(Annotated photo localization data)
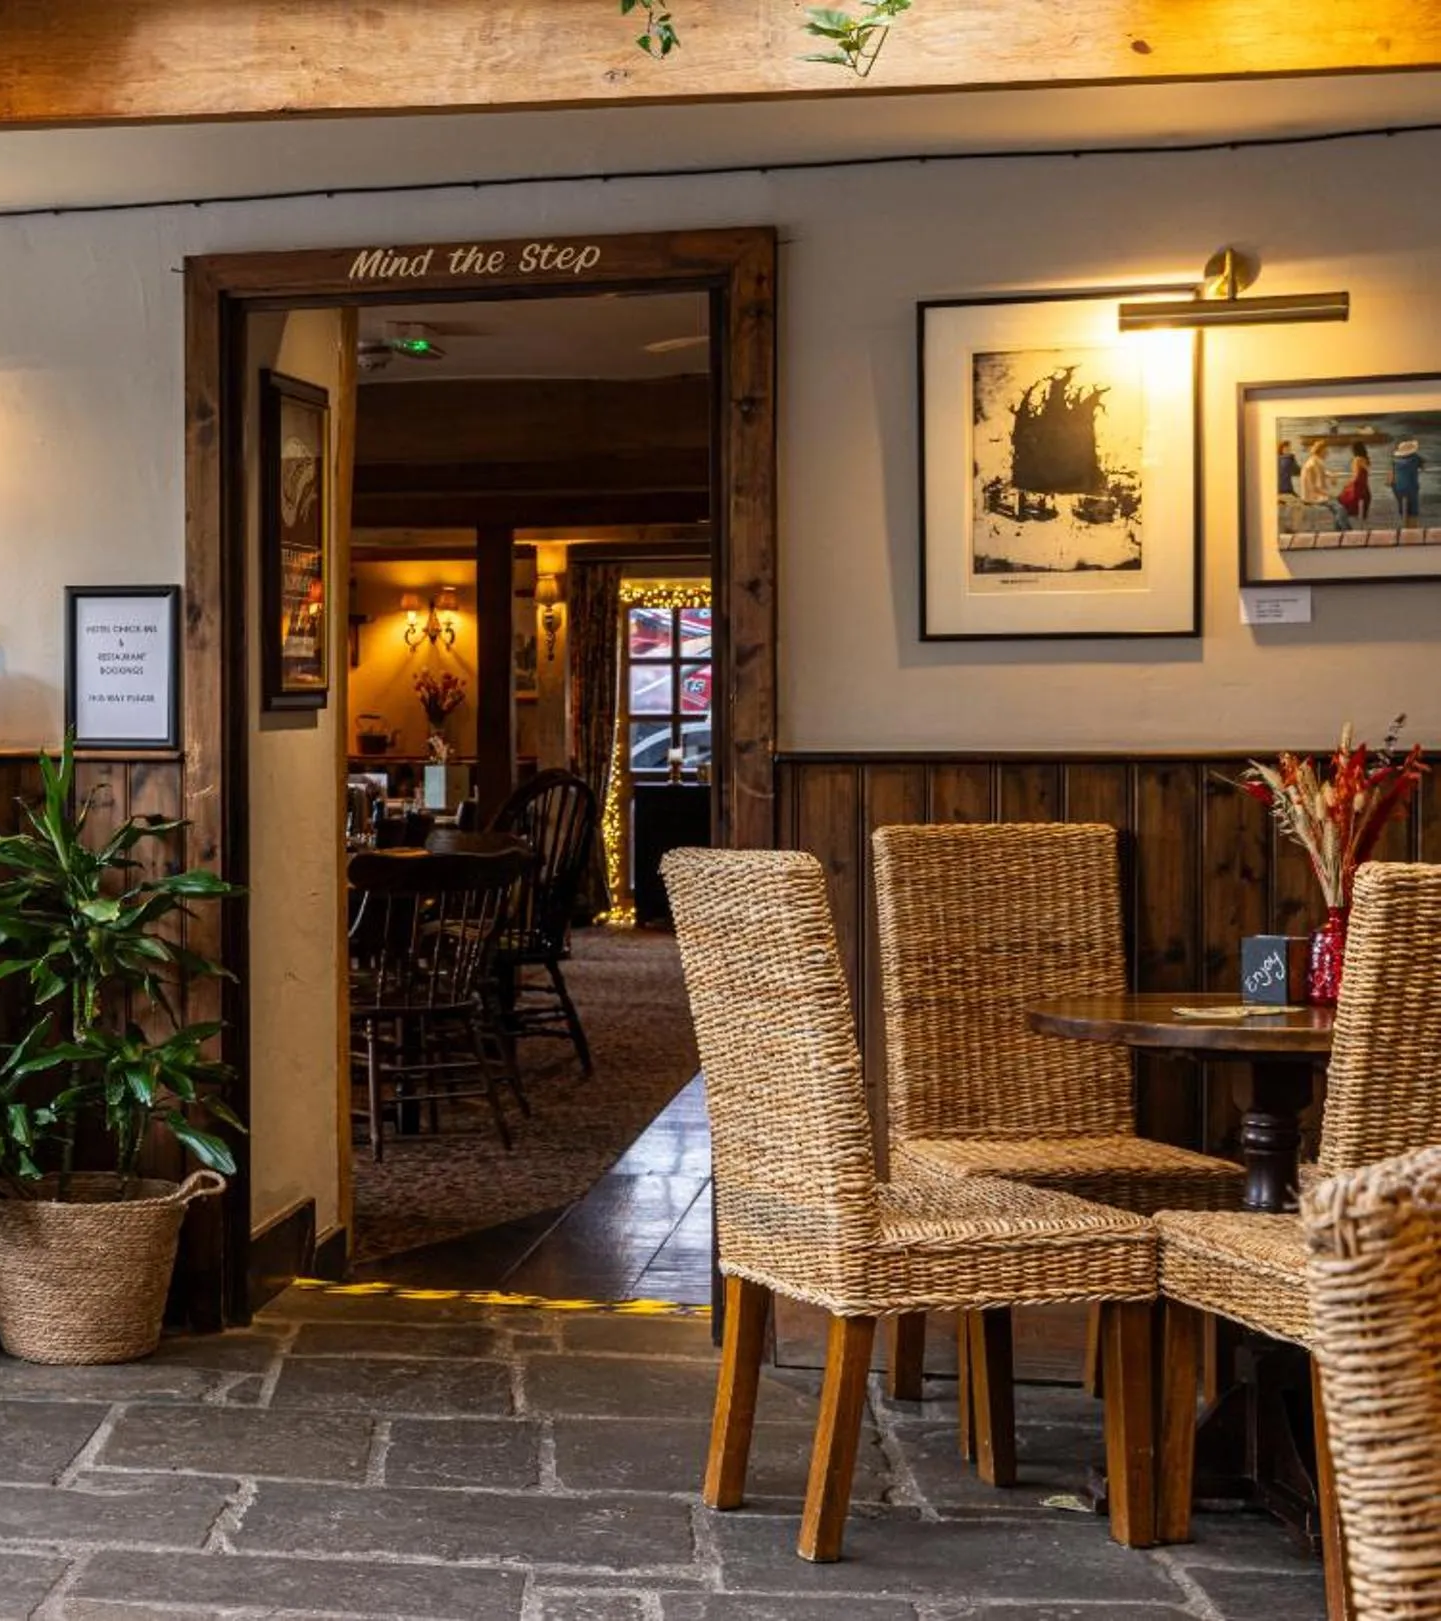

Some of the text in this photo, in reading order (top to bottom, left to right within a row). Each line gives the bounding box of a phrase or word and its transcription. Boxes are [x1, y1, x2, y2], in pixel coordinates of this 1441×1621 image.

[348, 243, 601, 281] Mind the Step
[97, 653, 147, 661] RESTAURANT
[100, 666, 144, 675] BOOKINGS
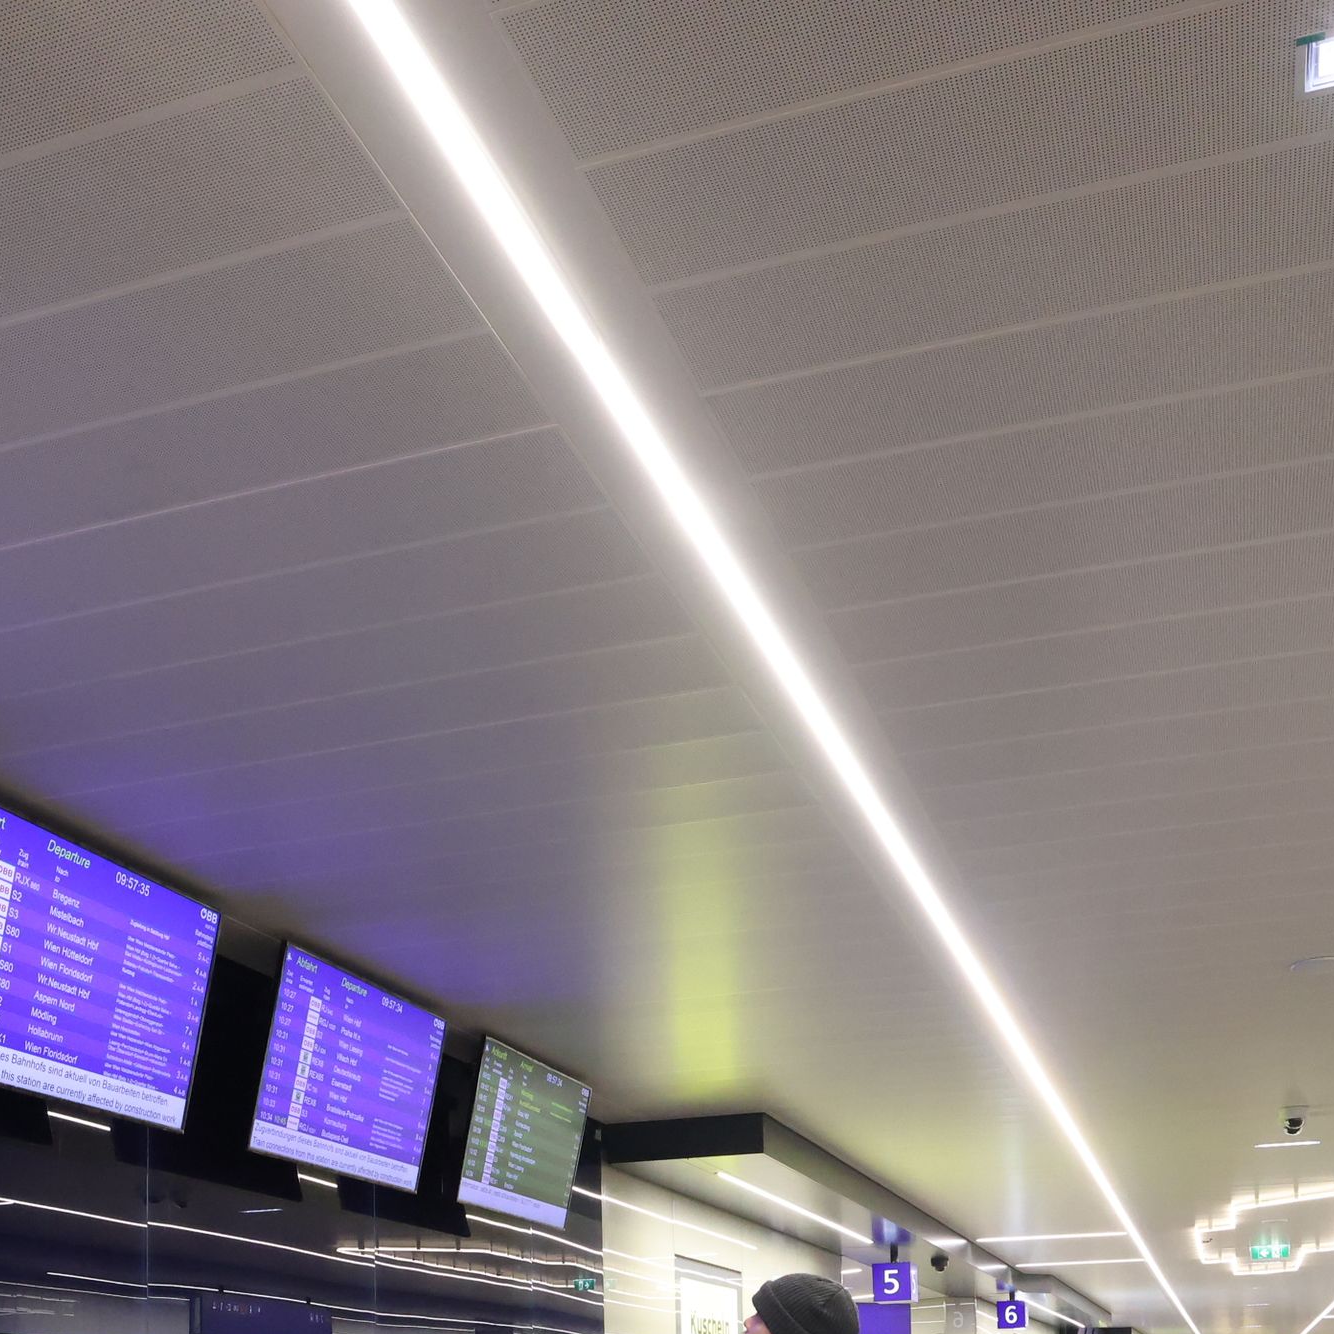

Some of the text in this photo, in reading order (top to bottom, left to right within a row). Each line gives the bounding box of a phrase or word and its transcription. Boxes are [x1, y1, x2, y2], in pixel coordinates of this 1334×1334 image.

• _Problem description_: Transcribe the entries above verbatim, omitting their pictures.

• _Output of the task_:
Some of the text in this photo, in reading order (top to bottom, left to right within a row). Each line gives the bounding box of a phrase or word and its transcription. Boxes are [x1, y1, x2, y2], in pixel coordinates of this 1441×1621 image.

[348, 243, 601, 281] Mind the Step
[97, 653, 147, 661] RESTAURANT
[100, 666, 144, 675] BOOKINGS

Some of the text in this photo, in reading order (top to bottom, left to right within a row). Each line gives the bounding box of a phrase or word and its transcription. Boxes are [x1, y1, x2, y2], in pixel coordinates of this 1334×1334 image.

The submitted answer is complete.